Segment Open
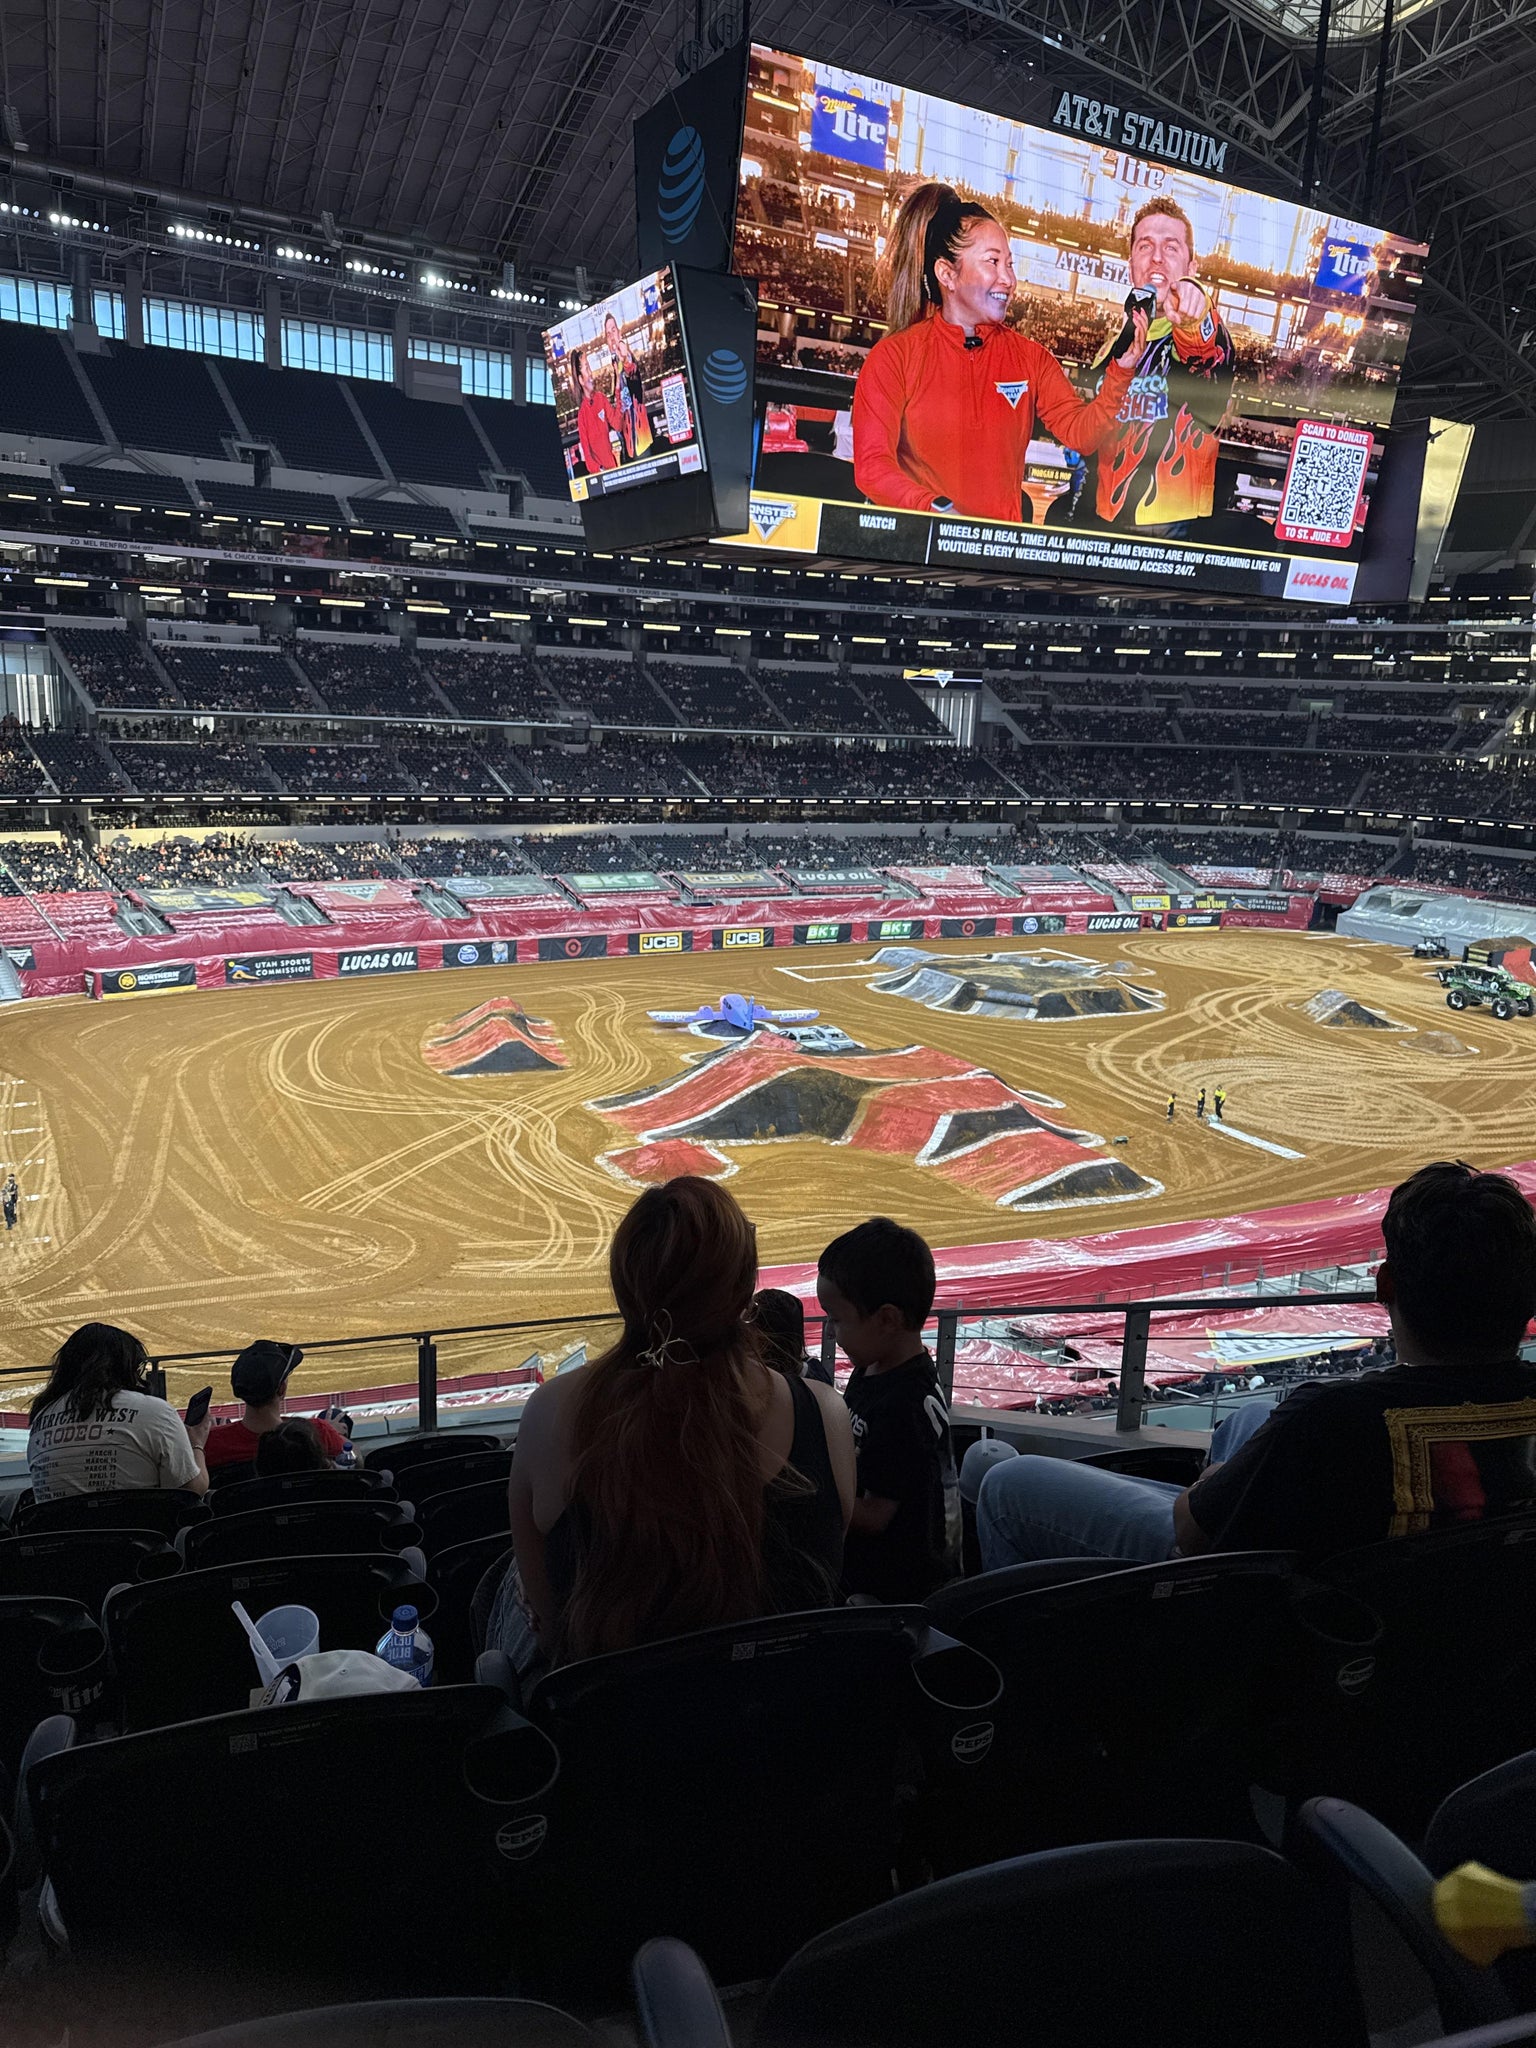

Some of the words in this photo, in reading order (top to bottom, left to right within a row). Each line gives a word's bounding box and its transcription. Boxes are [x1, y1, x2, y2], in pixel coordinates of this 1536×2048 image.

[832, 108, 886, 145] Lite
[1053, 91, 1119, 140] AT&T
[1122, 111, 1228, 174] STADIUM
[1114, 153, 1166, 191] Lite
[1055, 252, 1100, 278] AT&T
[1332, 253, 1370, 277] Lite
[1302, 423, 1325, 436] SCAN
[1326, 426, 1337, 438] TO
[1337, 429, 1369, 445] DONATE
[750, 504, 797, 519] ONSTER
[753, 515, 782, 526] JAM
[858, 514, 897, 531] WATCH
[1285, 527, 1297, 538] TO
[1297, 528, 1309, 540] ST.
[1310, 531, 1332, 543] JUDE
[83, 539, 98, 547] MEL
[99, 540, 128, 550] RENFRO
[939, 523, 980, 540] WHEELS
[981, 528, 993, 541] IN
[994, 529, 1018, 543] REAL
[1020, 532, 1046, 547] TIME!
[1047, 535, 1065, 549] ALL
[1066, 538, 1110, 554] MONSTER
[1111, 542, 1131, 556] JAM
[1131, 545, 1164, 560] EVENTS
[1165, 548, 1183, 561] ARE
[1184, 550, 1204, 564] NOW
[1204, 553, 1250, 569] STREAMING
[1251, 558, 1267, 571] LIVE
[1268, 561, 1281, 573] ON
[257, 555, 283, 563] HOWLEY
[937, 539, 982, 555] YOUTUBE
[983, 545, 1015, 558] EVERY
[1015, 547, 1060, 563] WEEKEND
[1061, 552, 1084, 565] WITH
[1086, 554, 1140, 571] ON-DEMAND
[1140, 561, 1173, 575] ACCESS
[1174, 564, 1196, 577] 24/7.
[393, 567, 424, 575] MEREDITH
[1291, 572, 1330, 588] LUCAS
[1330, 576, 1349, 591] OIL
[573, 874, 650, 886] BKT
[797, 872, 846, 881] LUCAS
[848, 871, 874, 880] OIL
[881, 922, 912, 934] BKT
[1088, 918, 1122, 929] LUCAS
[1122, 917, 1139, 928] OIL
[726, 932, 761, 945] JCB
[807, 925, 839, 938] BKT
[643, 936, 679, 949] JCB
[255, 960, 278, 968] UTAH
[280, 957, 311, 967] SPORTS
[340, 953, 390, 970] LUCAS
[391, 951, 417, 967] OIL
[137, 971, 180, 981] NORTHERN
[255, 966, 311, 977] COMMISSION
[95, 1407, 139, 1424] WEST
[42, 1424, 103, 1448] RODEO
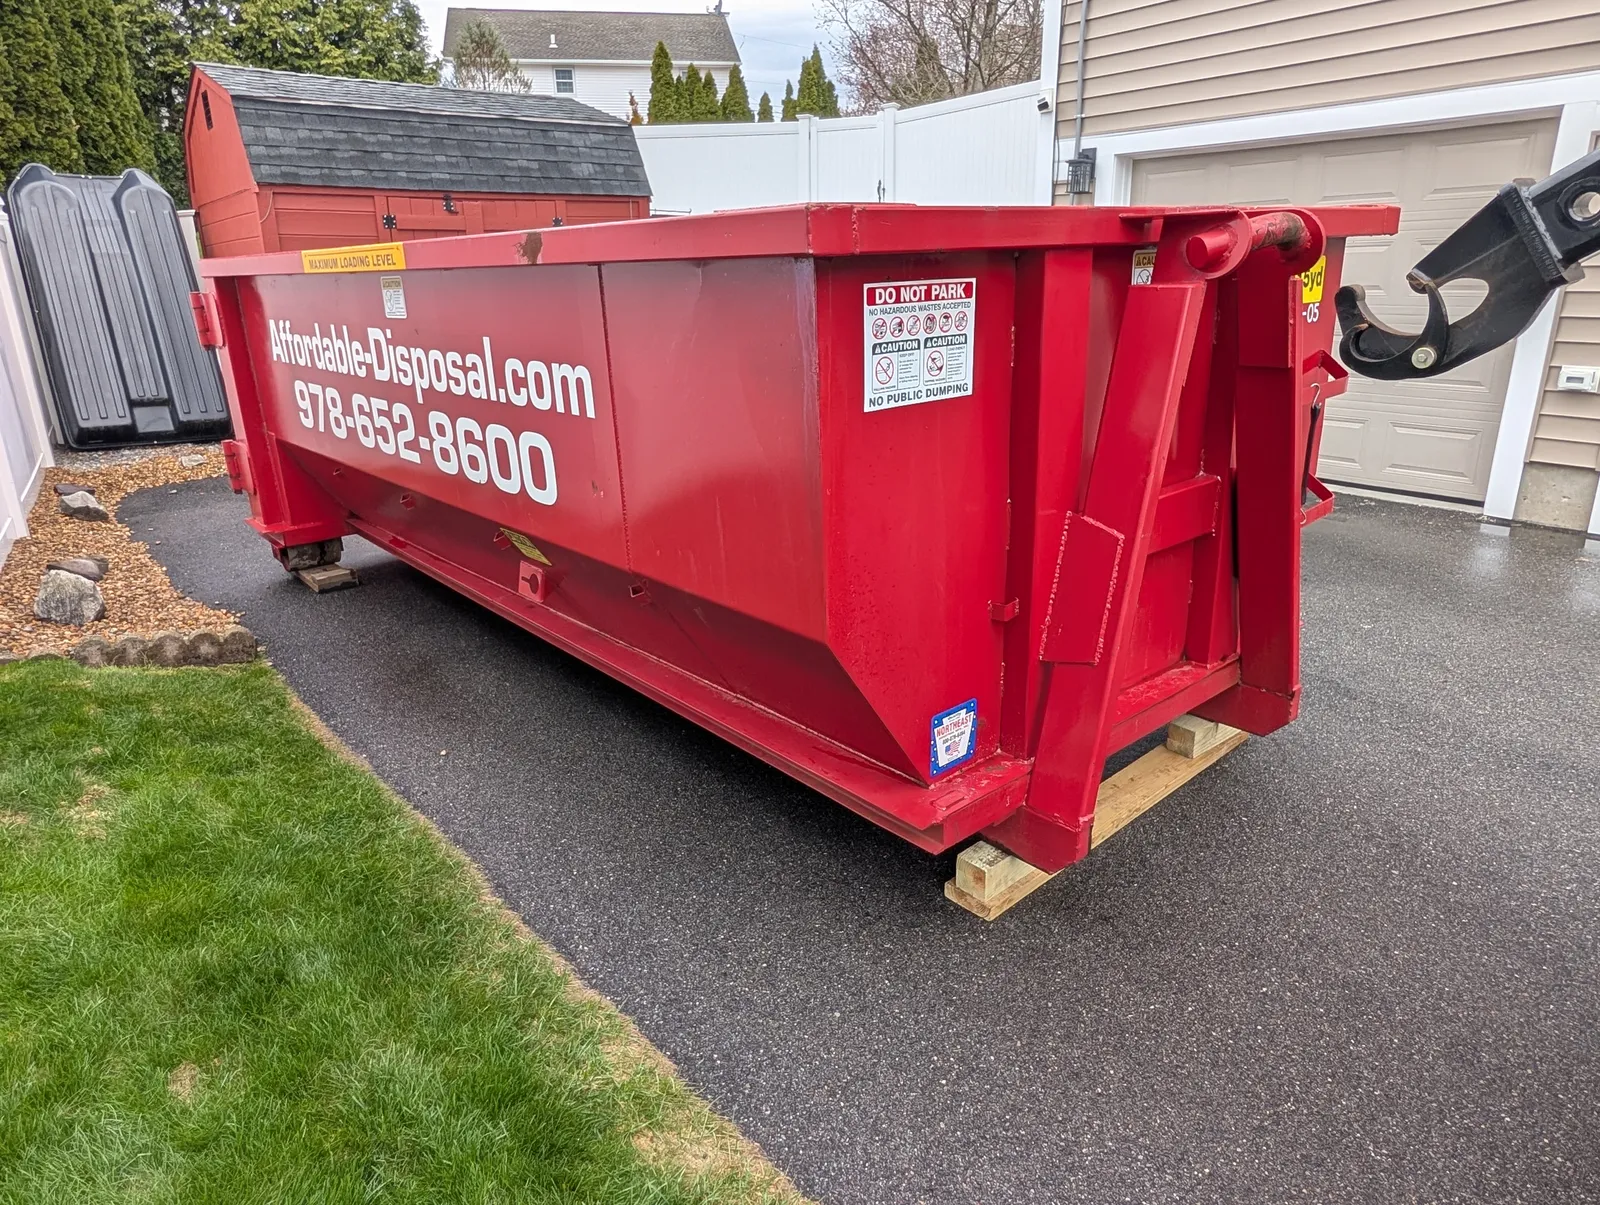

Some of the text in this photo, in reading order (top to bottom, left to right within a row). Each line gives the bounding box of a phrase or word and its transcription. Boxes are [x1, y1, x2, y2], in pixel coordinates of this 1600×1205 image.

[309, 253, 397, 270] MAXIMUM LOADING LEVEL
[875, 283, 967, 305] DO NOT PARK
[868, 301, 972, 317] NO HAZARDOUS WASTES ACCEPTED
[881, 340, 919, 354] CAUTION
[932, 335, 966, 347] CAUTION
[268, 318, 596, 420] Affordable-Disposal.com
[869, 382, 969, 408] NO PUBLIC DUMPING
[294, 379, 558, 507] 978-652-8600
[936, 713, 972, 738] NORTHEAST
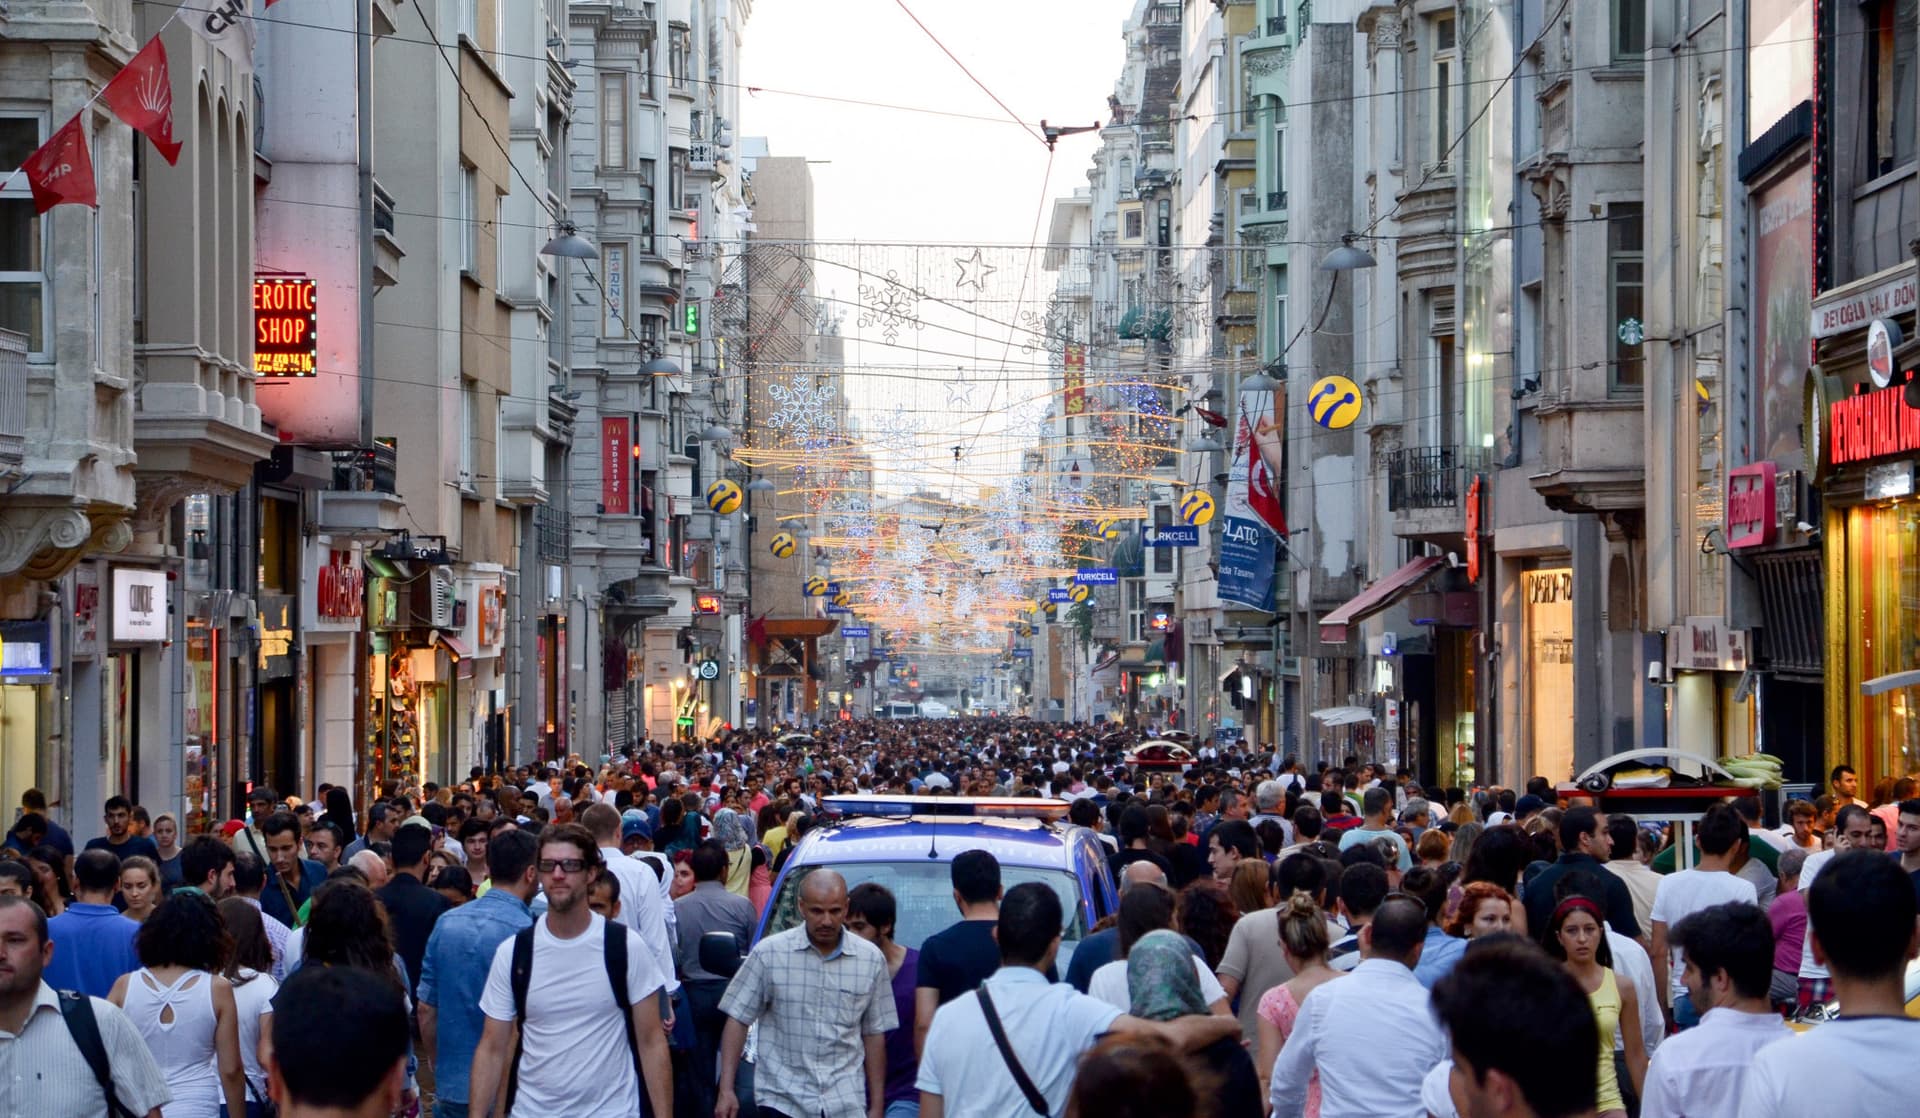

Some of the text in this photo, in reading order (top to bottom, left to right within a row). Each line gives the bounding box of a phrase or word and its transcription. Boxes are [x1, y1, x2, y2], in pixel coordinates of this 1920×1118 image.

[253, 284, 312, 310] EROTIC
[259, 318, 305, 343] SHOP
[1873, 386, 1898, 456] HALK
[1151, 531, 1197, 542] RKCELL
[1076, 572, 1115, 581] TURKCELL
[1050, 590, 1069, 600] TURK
Segment Closed
## [Exercise instructions]
Every record above must be given again exactly; drop the pictures.

## [Response box]
Some of the words in this photo, in reading order (top to bottom, left to right within a row). Each line gives a word's bounding box and its transcription. Boxes are [x1, y1, x2, y2], in pixel coordinates of this 1536×2048 image.

[832, 108, 886, 145] Lite
[1053, 91, 1119, 140] AT&T
[1122, 111, 1228, 174] STADIUM
[1114, 153, 1166, 191] Lite
[1055, 252, 1100, 278] AT&T
[1332, 253, 1370, 277] Lite
[1302, 423, 1325, 436] SCAN
[1326, 426, 1337, 438] TO
[1337, 429, 1369, 445] DONATE
[750, 504, 797, 519] ONSTER
[753, 515, 782, 526] JAM
[858, 514, 897, 531] WATCH
[1285, 527, 1297, 538] TO
[1297, 528, 1309, 540] ST.
[1310, 531, 1332, 543] JUDE
[83, 539, 98, 547] MEL
[99, 540, 128, 550] RENFRO
[939, 523, 980, 540] WHEELS
[981, 528, 993, 541] IN
[994, 529, 1018, 543] REAL
[1020, 532, 1046, 547] TIME!
[1047, 535, 1065, 549] ALL
[1066, 538, 1110, 554] MONSTER
[1111, 542, 1131, 556] JAM
[1131, 545, 1164, 560] EVENTS
[1165, 548, 1183, 561] ARE
[1184, 550, 1204, 564] NOW
[1204, 553, 1250, 569] STREAMING
[1251, 558, 1267, 571] LIVE
[1268, 561, 1281, 573] ON
[257, 555, 283, 563] HOWLEY
[937, 539, 982, 555] YOUTUBE
[983, 545, 1015, 558] EVERY
[1015, 547, 1060, 563] WEEKEND
[1061, 552, 1084, 565] WITH
[1086, 554, 1140, 571] ON-DEMAND
[1140, 561, 1173, 575] ACCESS
[1174, 564, 1196, 577] 24/7.
[393, 567, 424, 575] MEREDITH
[1291, 572, 1330, 588] LUCAS
[1330, 576, 1349, 591] OIL
[573, 874, 650, 886] BKT
[797, 872, 846, 881] LUCAS
[848, 871, 874, 880] OIL
[881, 922, 912, 934] BKT
[1088, 918, 1122, 929] LUCAS
[1122, 917, 1139, 928] OIL
[726, 932, 761, 945] JCB
[807, 925, 839, 938] BKT
[643, 936, 679, 949] JCB
[255, 960, 278, 968] UTAH
[280, 957, 311, 967] SPORTS
[340, 953, 390, 970] LUCAS
[391, 951, 417, 967] OIL
[137, 971, 180, 981] NORTHERN
[255, 966, 311, 977] COMMISSION
[95, 1407, 139, 1424] WEST
[42, 1424, 103, 1448] RODEO

Some of the text in this photo, in reading order (top to bottom, left to right within a row). Each line gives the bounding box of a phrase or word and its transcription. Boxes are [x1, y1, x2, y2], in pixel coordinates of this 1600×1205 image.

[309, 253, 397, 270] MAXIMUM LOADING LEVEL
[875, 283, 967, 305] DO NOT PARK
[868, 301, 972, 317] NO HAZARDOUS WASTES ACCEPTED
[881, 340, 919, 354] CAUTION
[932, 335, 966, 347] CAUTION
[268, 318, 596, 420] Affordable-Disposal.com
[869, 382, 969, 408] NO PUBLIC DUMPING
[294, 379, 558, 507] 978-652-8600
[936, 713, 972, 738] NORTHEAST

Some of the text in this photo, in reading order (top to bottom, left to right within a row). Each line gives the bounding box of a phrase or word and its transcription. Boxes are [x1, y1, x2, y2], in pixel coordinates of this 1920×1118 image.

[253, 284, 312, 310] EROTIC
[259, 318, 305, 343] SHOP
[1873, 386, 1898, 456] HALK
[1151, 531, 1197, 542] RKCELL
[1076, 572, 1115, 581] TURKCELL
[1050, 590, 1069, 600] TURK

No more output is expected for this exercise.